[Image-backed grounding data]
Content starts
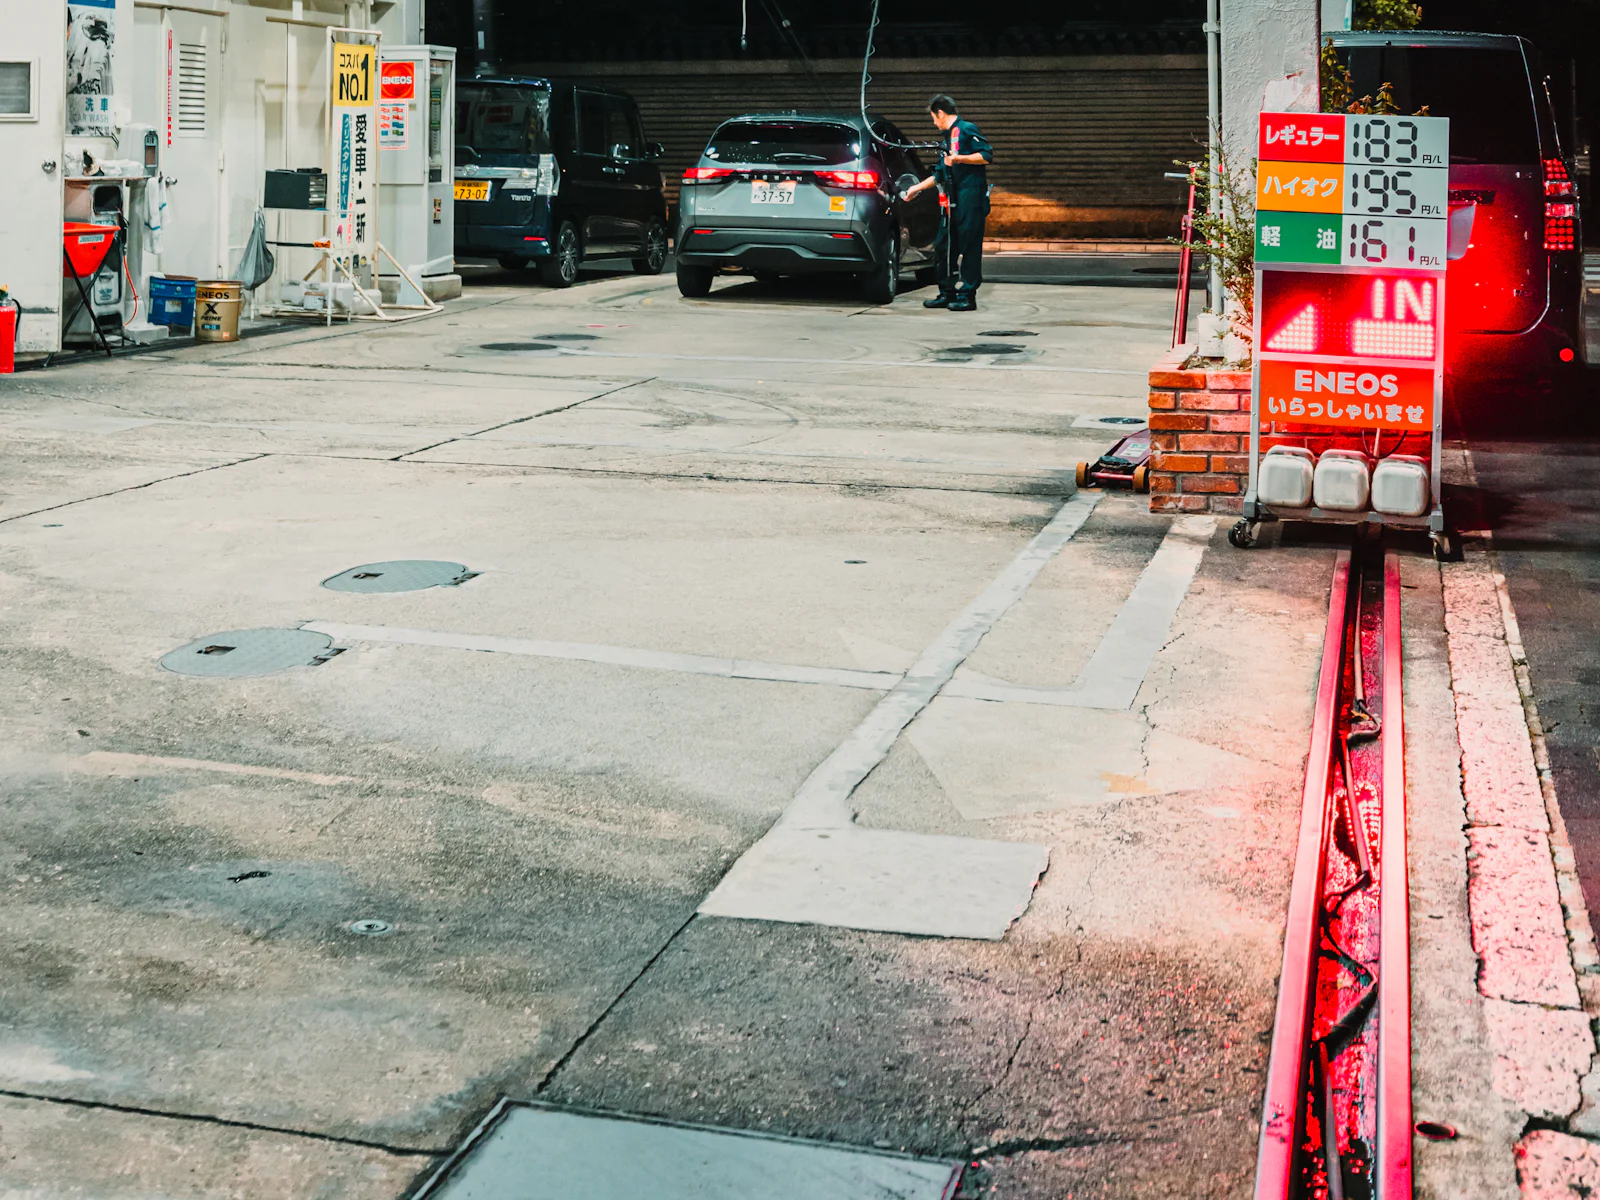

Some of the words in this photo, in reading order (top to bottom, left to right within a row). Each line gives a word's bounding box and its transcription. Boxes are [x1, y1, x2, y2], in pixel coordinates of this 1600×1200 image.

[339, 53, 369, 101] NO.1
[381, 75, 413, 85] ENEOS
[89, 113, 108, 123] WASH
[1265, 124, 1340, 146] レギュラー
[1353, 119, 1418, 164] 183
[1422, 154, 1443, 164] 円/L
[459, 188, 488, 200] 73-07
[760, 191, 792, 203] 37-57
[1263, 176, 1338, 197] ハイオク
[1351, 169, 1417, 215] 195
[1421, 205, 1441, 215] 円/L
[1260, 225, 1336, 250] 軽油
[1349, 220, 1416, 263] 161
[1419, 256, 1440, 266] 円/L
[197, 291, 230, 299] ENEOS
[1373, 277, 1432, 321] IN
[1294, 369, 1399, 397] ENEOS
[1268, 396, 1424, 424] いらっしゃいませ
Content ends
TRY IT: The records shown above are to be repeated exactly, with the pictures left out.

ANSWER AREA:
Some of the words in this photo, in reading order (top to bottom, left to right within a row). Each line gives a word's bounding box and its transcription. Boxes are [x1, y1, x2, y2], in pixel coordinates of this 1600×1200 image.

[339, 53, 369, 101] NO.1
[381, 75, 413, 85] ENEOS
[89, 113, 108, 123] WASH
[1265, 124, 1340, 146] レギュラー
[1353, 119, 1418, 164] 183
[1422, 154, 1443, 164] 円/L
[459, 188, 488, 200] 73-07
[760, 191, 792, 203] 37-57
[1263, 176, 1338, 197] ハイオク
[1351, 169, 1417, 215] 195
[1421, 205, 1441, 215] 円/L
[1260, 225, 1336, 250] 軽油
[1349, 220, 1416, 263] 161
[1419, 256, 1440, 266] 円/L
[197, 291, 230, 299] ENEOS
[1373, 277, 1432, 321] IN
[1294, 369, 1399, 397] ENEOS
[1268, 396, 1424, 424] いらっしゃいませ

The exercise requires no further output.